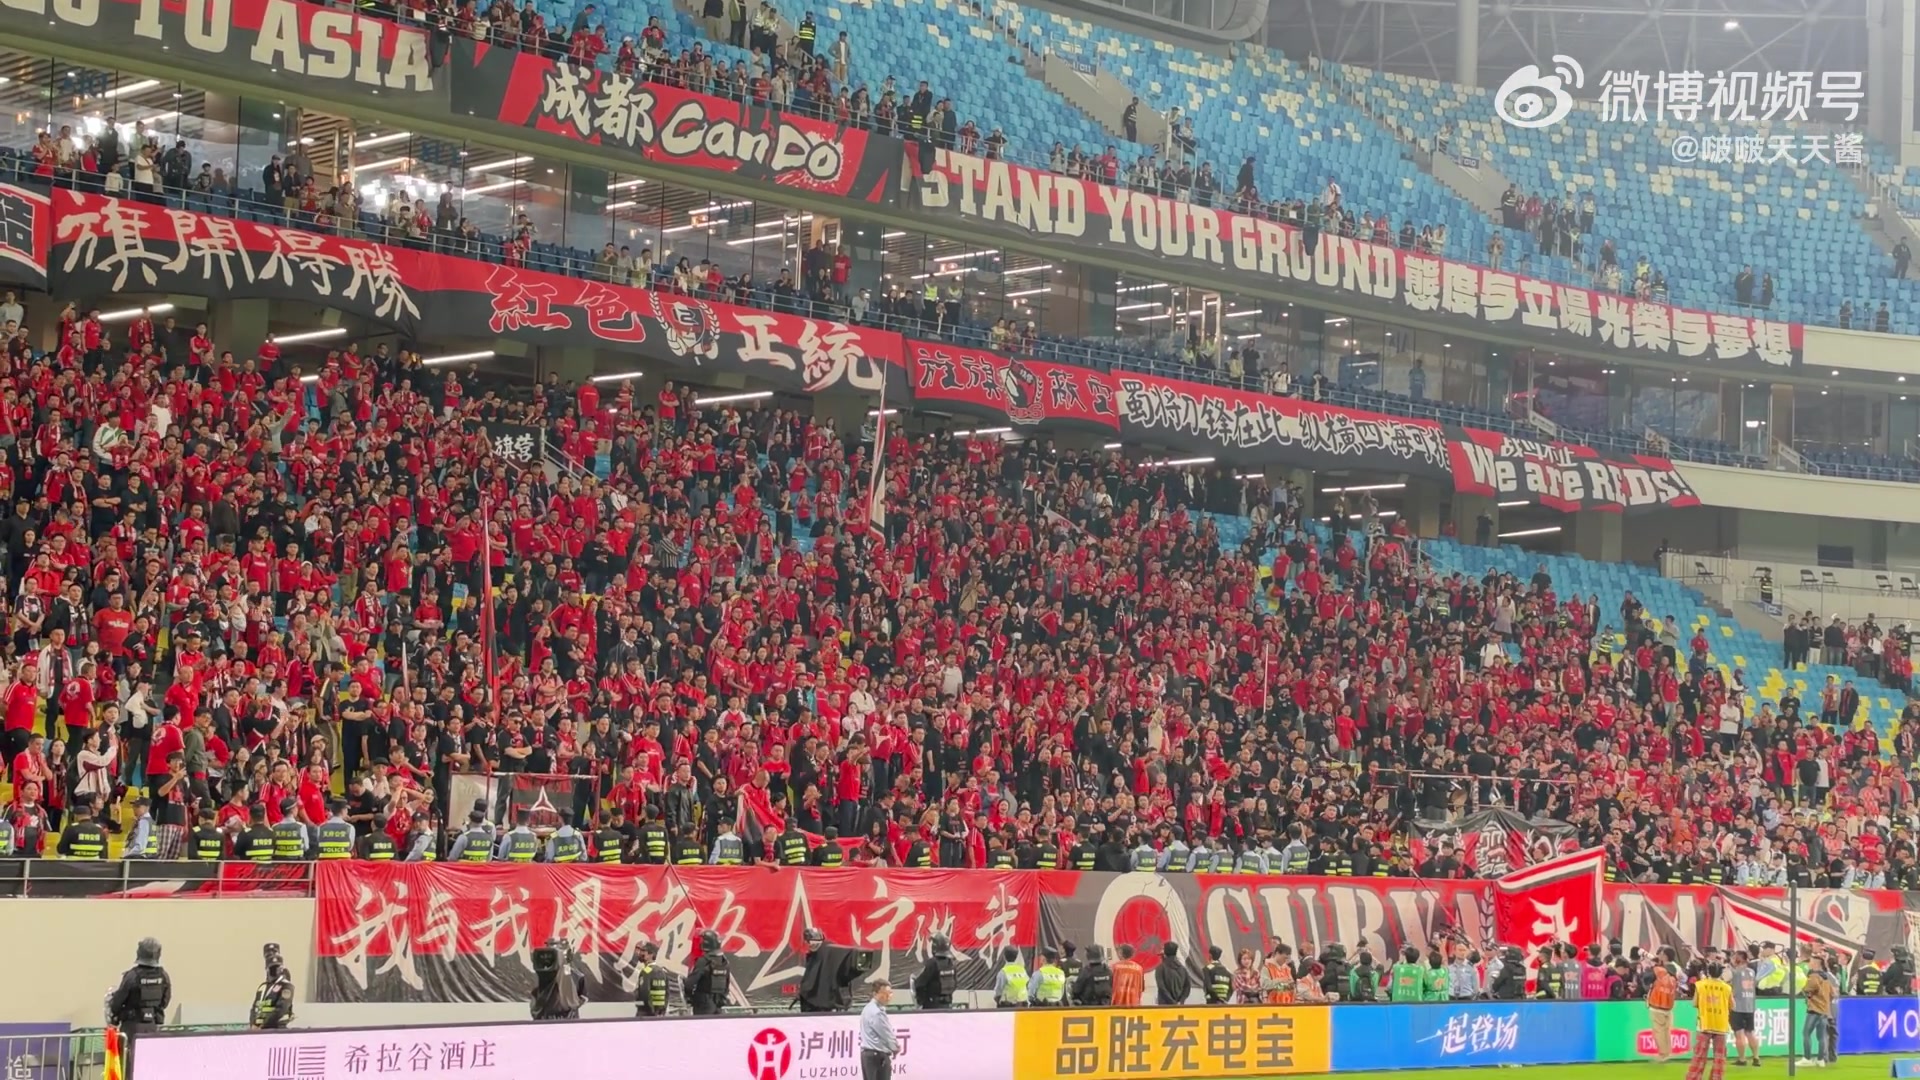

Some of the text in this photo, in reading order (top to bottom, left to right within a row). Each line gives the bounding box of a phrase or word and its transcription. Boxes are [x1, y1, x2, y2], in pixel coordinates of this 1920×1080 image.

[250, 0, 433, 92] ASIA
[542, 61, 655, 147] 成都
[921, 147, 1397, 299] STAND YOUR GROUND
[485, 263, 884, 392] 紅色 正統
[1460, 441, 1693, 507] We are REDS!
[343, 1039, 498, 1074] 希拉谷酒庄
[798, 1028, 912, 1061] 泸州行
[1055, 1012, 1294, 1075] 品胜充电宝
[1416, 1012, 1519, 1058] 一起登场
[800, 1066, 858, 1079] LUZHOU
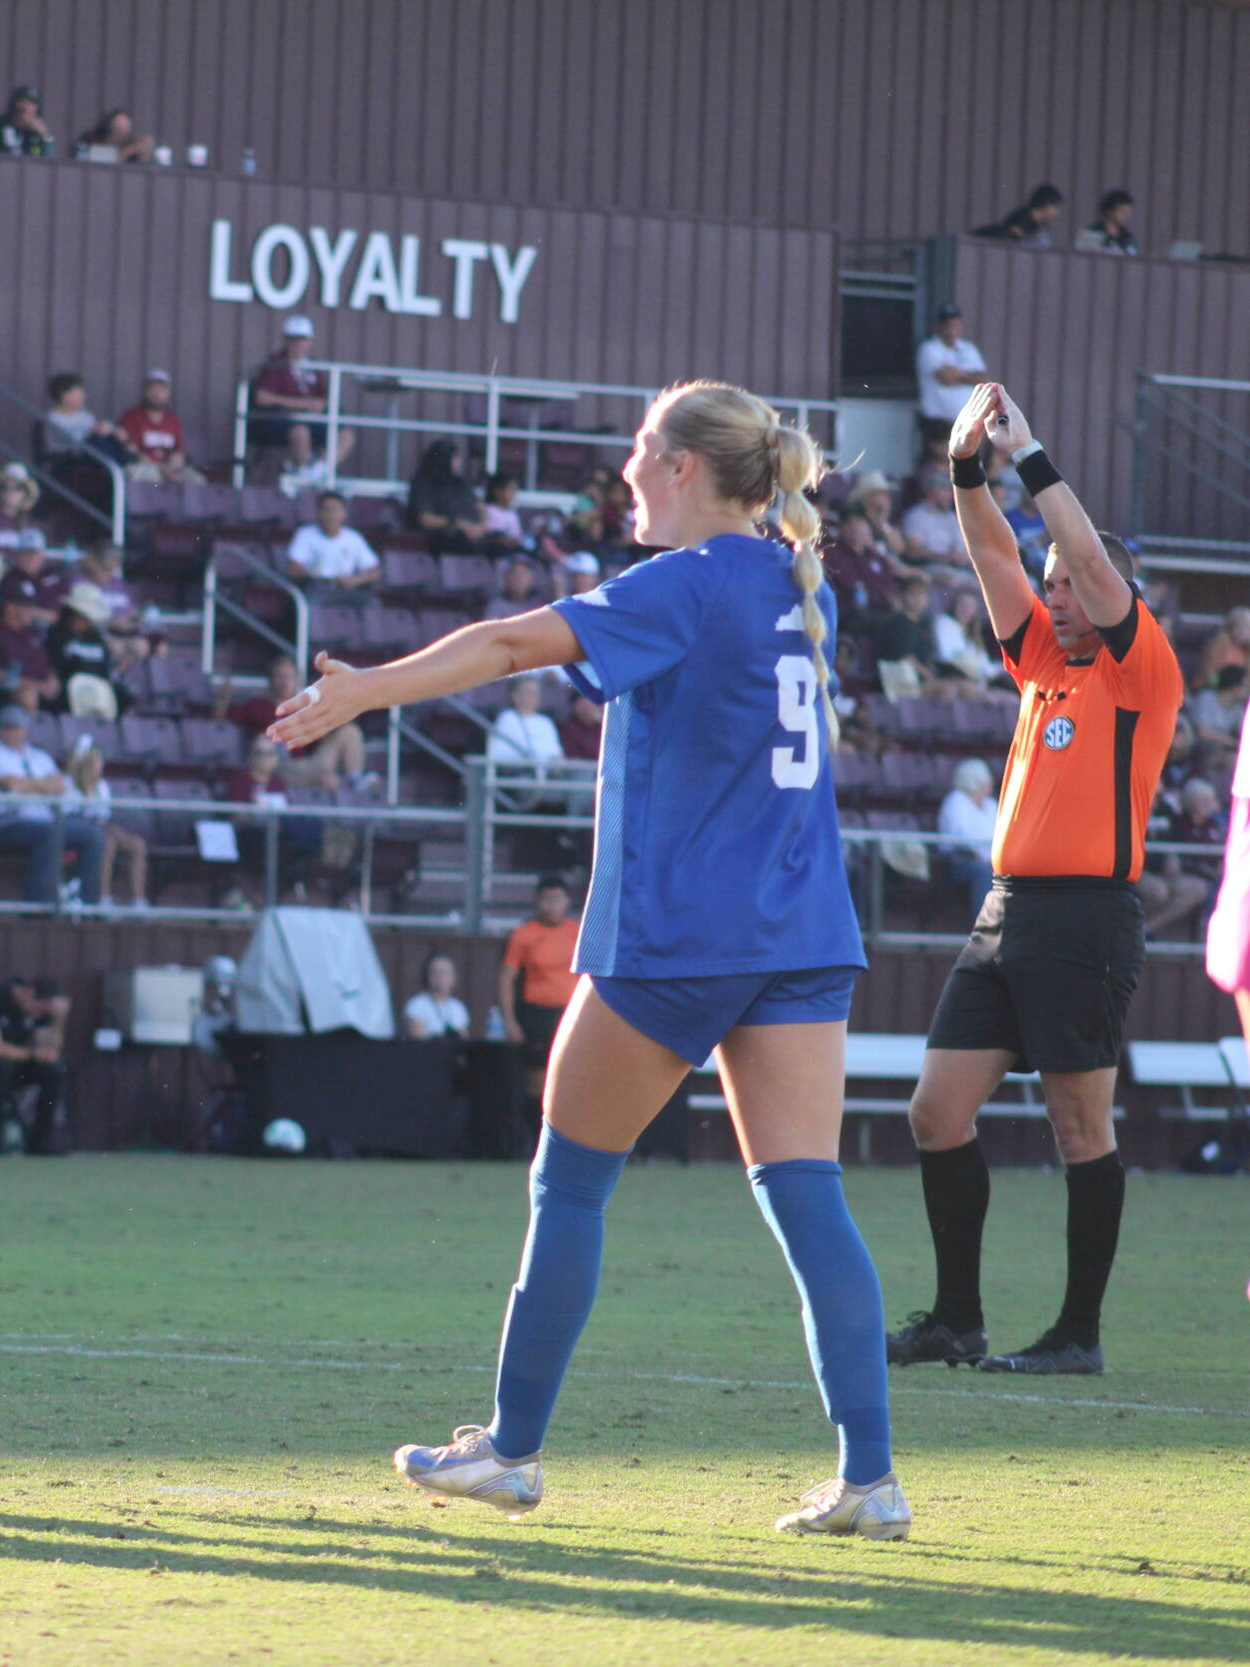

+===+

### Exercise goal
Each entry is to be returned as it stands, and each picture is to be left out.

### Answer to the problem
Some of the text in this photo, in reading order (top to bottom, left to right within a row). Each line gives the bounding box of a phrase or word and its transcription. Boxes are [x1, y1, x2, y2], in pixel coordinates of this 1920×1080 image.

[250, 0, 433, 92] ASIA
[542, 61, 655, 147] 成都
[921, 147, 1397, 299] STAND YOUR GROUND
[485, 263, 884, 392] 紅色 正統
[1460, 441, 1693, 507] We are REDS!
[343, 1039, 498, 1074] 希拉谷酒庄
[798, 1028, 912, 1061] 泸州行
[1055, 1012, 1294, 1075] 品胜充电宝
[1416, 1012, 1519, 1058] 一起登场
[800, 1066, 858, 1079] LUZHOU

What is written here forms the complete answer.